GlaxoSmithKline214 enrolled

Overview

GSK Biologicals is developing in partnership with the Program for Appropriate Technology in Health (PATH) Malaria Vaccine Initiative a candidate malaria vaccine for the routine immunization of infants and children living in malaria endemic areas. The vaccine would offer protection against malaria disease due to the parasite Plasmodium falciparum. The vaccine would also provide protection against infection with hepatitis B virus (HBV). This trial is being carried out following the demonstration of efficacy of a previous version of the malaria candidate vaccine in children in Mozambique: there, the vaccine demonstrated approximately 30% efficacy against clinical episodes of malaria and approximately 58% efficacy against severe malaria disease. In order to integrate the malaria vaccine into the Expanded Program on Immunization (EPI) regimen, in malaria-endemic regions, for this trial, a 0.5 ml dose of GSK 257049 vaccine has been developed. The Protocol Posting has been updated in order to comply with the FDA Amendment Act, Sep 2007.

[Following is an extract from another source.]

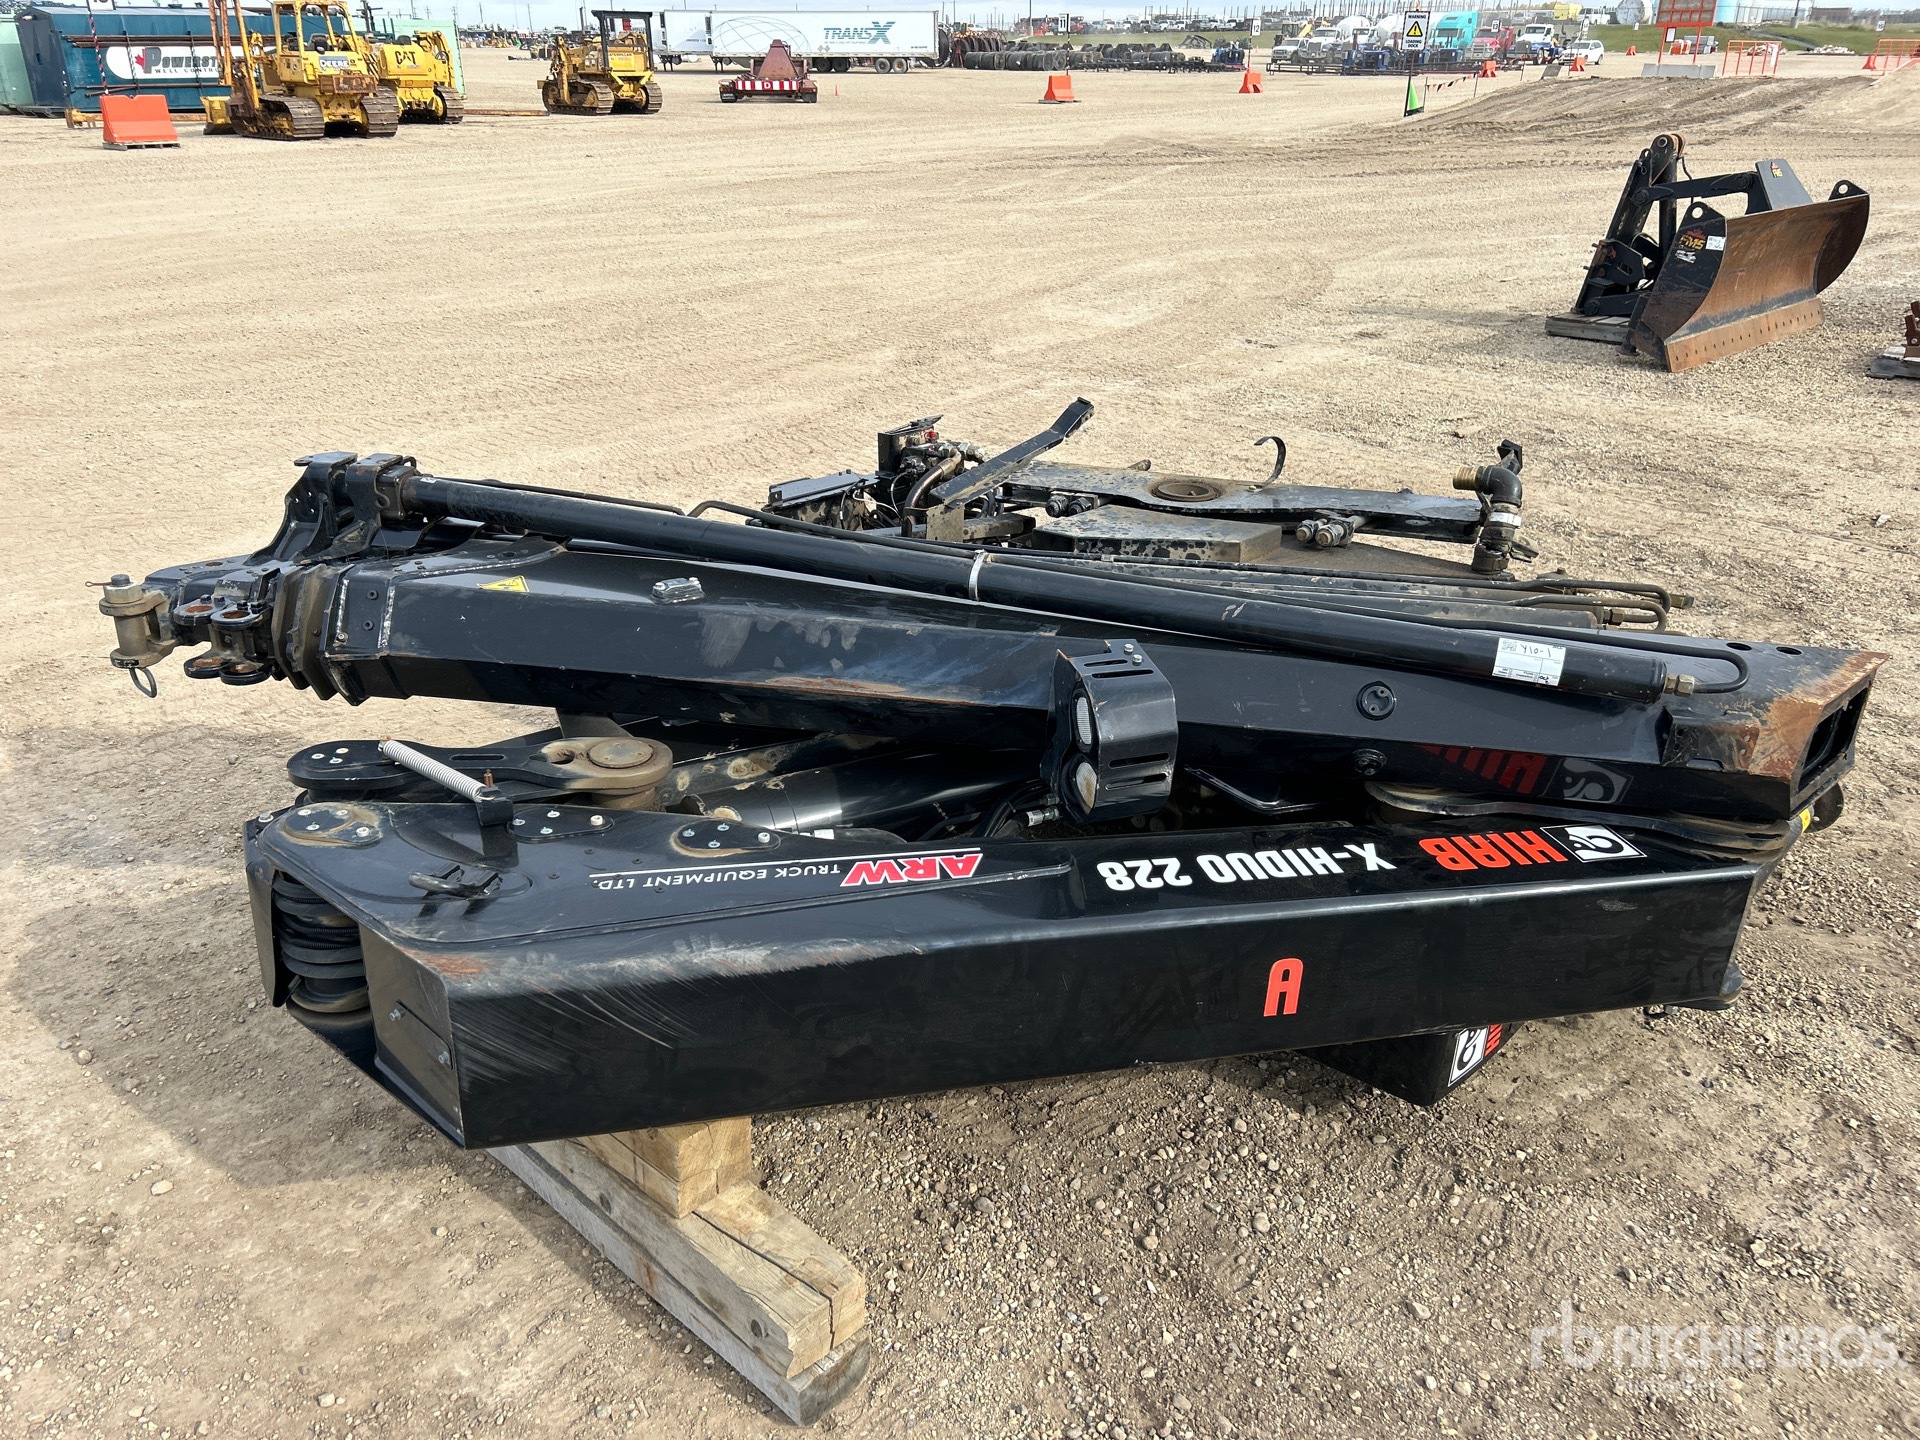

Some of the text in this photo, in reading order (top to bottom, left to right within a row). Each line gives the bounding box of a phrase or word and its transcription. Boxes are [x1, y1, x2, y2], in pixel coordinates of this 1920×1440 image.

All infants participating in this phase I/IIb study will receive TETRActHib (a licensed diphtheria-tetanus-pertussis Haemophilus influenzae vaccine manufactured by Aventis Pasteur) by IM injection in their right thigh at 8, 12, and 16 weeks; They will be randomized to receive either the candidate malaria vaccine, GSK 257049 vaccine (0.5 ml dose) or Engerix-B (a licensed hepatitis B vaccine manufactured by GSK Biologicals) by IM injection in their left thigh at 10, 14, 18 weeks. Infants will be followed-up daily for 7 days after each vaccine dose for evaluation of safety and reactogenicity. There will be a 14-day follow-up period after each dose of TETRActHib and after Dose 1 and Dose 2 of GSK 257049 vaccine or Engerix-B, and a one month follow-up period after Dose 3 of GSK 257049 vaccine or Engerix-B for reporting unsolicited symptoms. Serious adverse events will be recorded throughout the 14 month study period. A small amount of blood (2 ml = 1/2 teaspoon) will be obtained at four different time points to measure the immune response elicited by the vaccines administered during this study period. Preliminary indication of vaccine efficacy in this age group will be established by actively monitoring for infection with Plasmodium falciparum.

Study Type

INTERVENTIONAL

Allocation

RANDOMIZED

Eligibility

Sex: ALLMin age: 6 WeeksMax age: 12 WeeksHealthy volunteers:

Medical Language ↔ Plain English

Inclusion Criteria: * A male or female infant of between 6 and 12 weeks of age at the time of first vaccination. * Written informed consent obtained from the parent(s) or guardian(s) of the subject * Free of obvious health problems as established by medical history and clinical examination before entering into the study. * Born to a mother who is hepatitis B surface antigen (HBsAg) negative and human immunodeficiency virus (HIV) negative. * Born after a normal gestation period (between 36 and 42 weeks). * Subjects who the investigator believes that their parents/guardians can and will comply with the requirements of the protocol should be enrolled in the study. Exclusion Criteria: * Bacillus Calmette-Guérin tuberculosis vaccine (BCG) administration within one week of proposed administration of a study vaccine. * Use of any investigational or non-registered drug or vaccine other than the study vaccines within 30 days preceding the first dose of study vaccine, or planned use during the study period. * Administration of immunoglobulins and/or any blood products since birth or planned administration during the study period. * Chronic administration (defined as more than 14 days) of immunosuppressants or other immune-modifying drugs since birth * Any chronic drug therapy to be continued during the study period. * Previous vaccination with diphtheria, tetanus, pertussis, Haemophilus influenzae type b or hepatitis B vaccines. * Major congenital abnormality. * Serious acute or chronic illness determined by clinical, physical examination and laboratory screening tests * Any medically diagnosed or suspected immunodeficient condition based on medical history and physical examination * A family history of congenital or hereditary immunodeficiency. * History of allergic disease or reactions likely to be exacerbated by any component of the vaccine. * History of any neurological disorders or seizures. * Maternal death. * Hemoglobin \< 80 g/L * Simultaneous participation in any other clinical trial. * Same sex twin * Any other findings that the investigator feels would increase the risk of having an adverse outcome from participation in the trialModerate malnutrition at screening

Outcomes

Primary Outcomes

Number of Subjects With Serious Adverse Events (SAEs).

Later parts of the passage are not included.